Information shown —
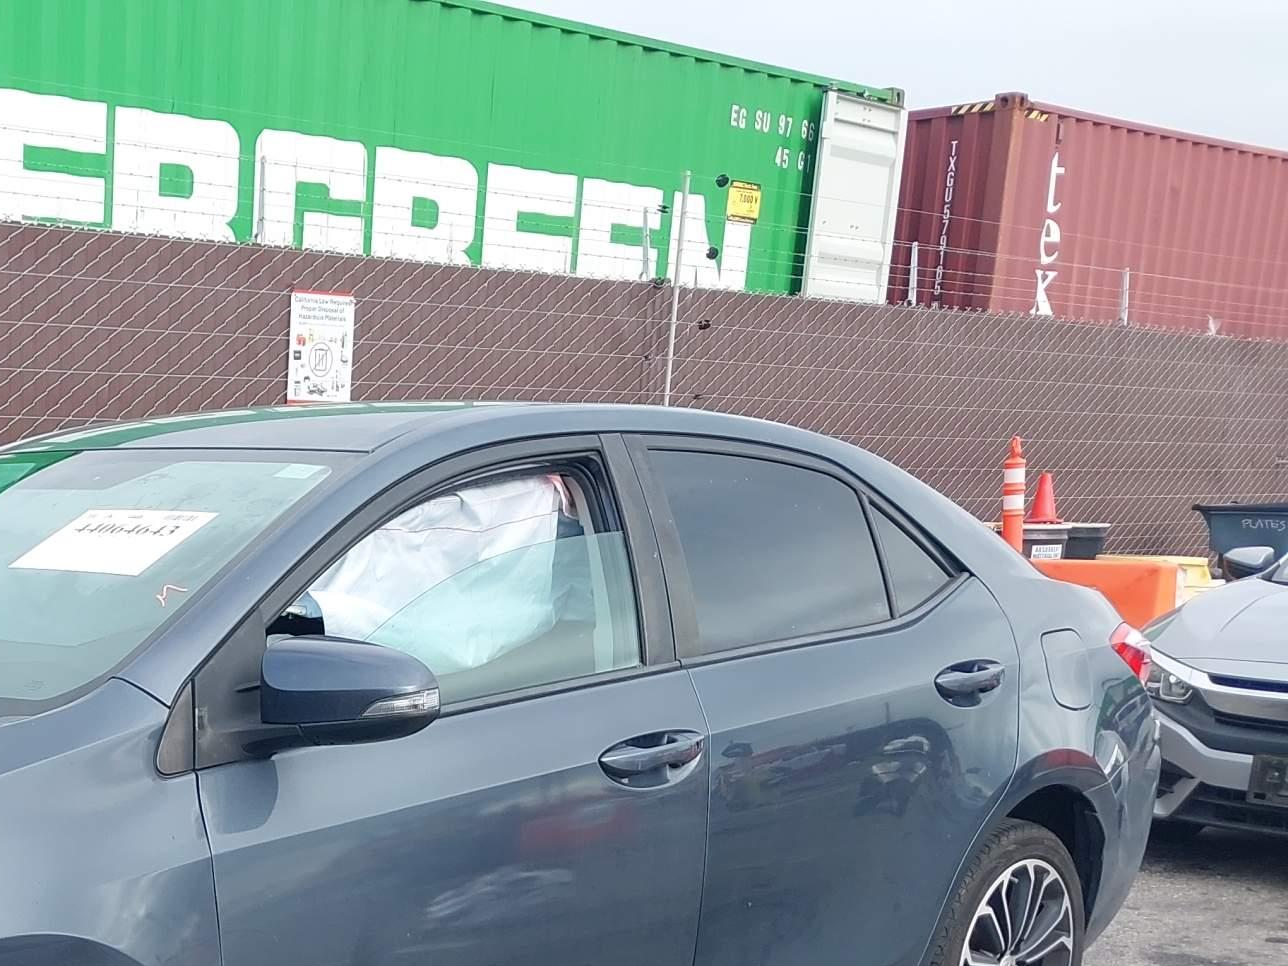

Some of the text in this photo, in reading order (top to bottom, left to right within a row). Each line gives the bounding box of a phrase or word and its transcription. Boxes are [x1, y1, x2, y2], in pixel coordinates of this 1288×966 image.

[730, 104, 747, 129] EG
[754, 110, 771, 133] SU
[778, 114, 793, 138] 97
[775, 146, 790, 169] 45
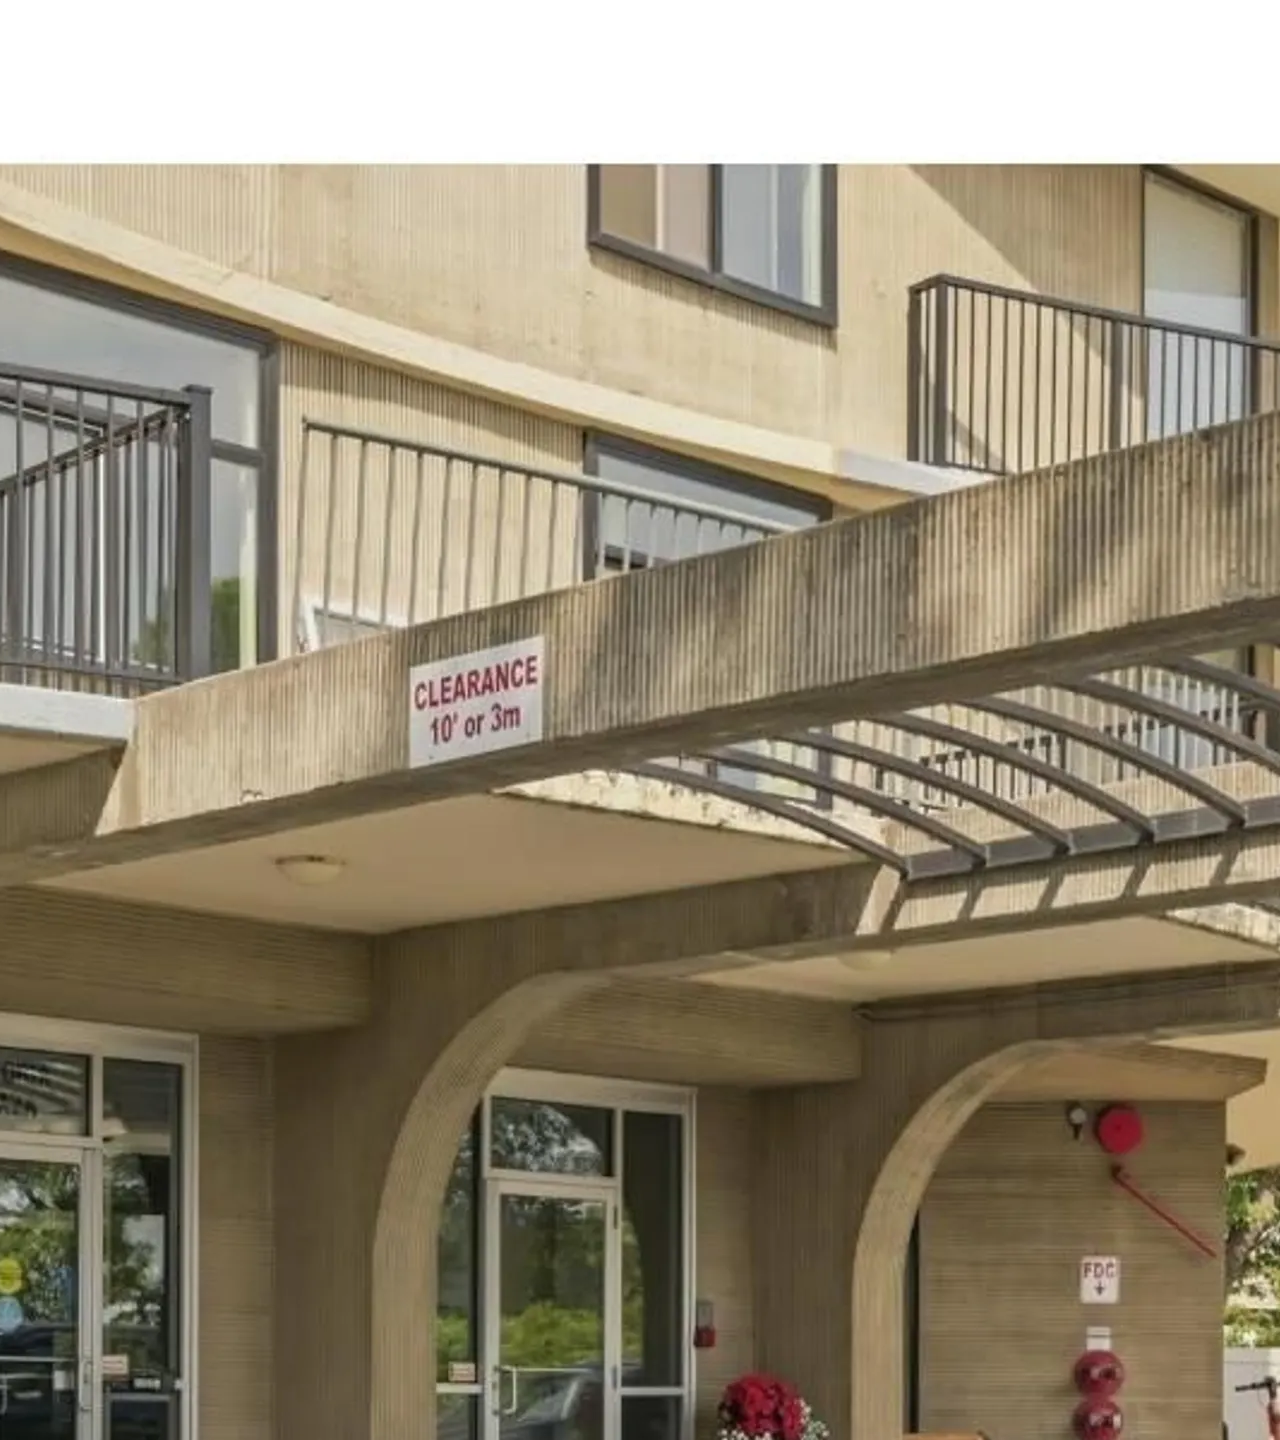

Problem statement — Return the listing above in an exact copy that leaves out the images.

Answer space —
Some of the text in this photo, in reading order (top to bottom, left to right within a row). Each line gives the bounding box of a phrase or word and its transcription. Boxes are [x1, y1, x2, y2], in pixel coordinates of this 1288×966 image.

[730, 104, 747, 129] EG
[754, 110, 771, 133] SU
[778, 114, 793, 138] 97
[775, 146, 790, 169] 45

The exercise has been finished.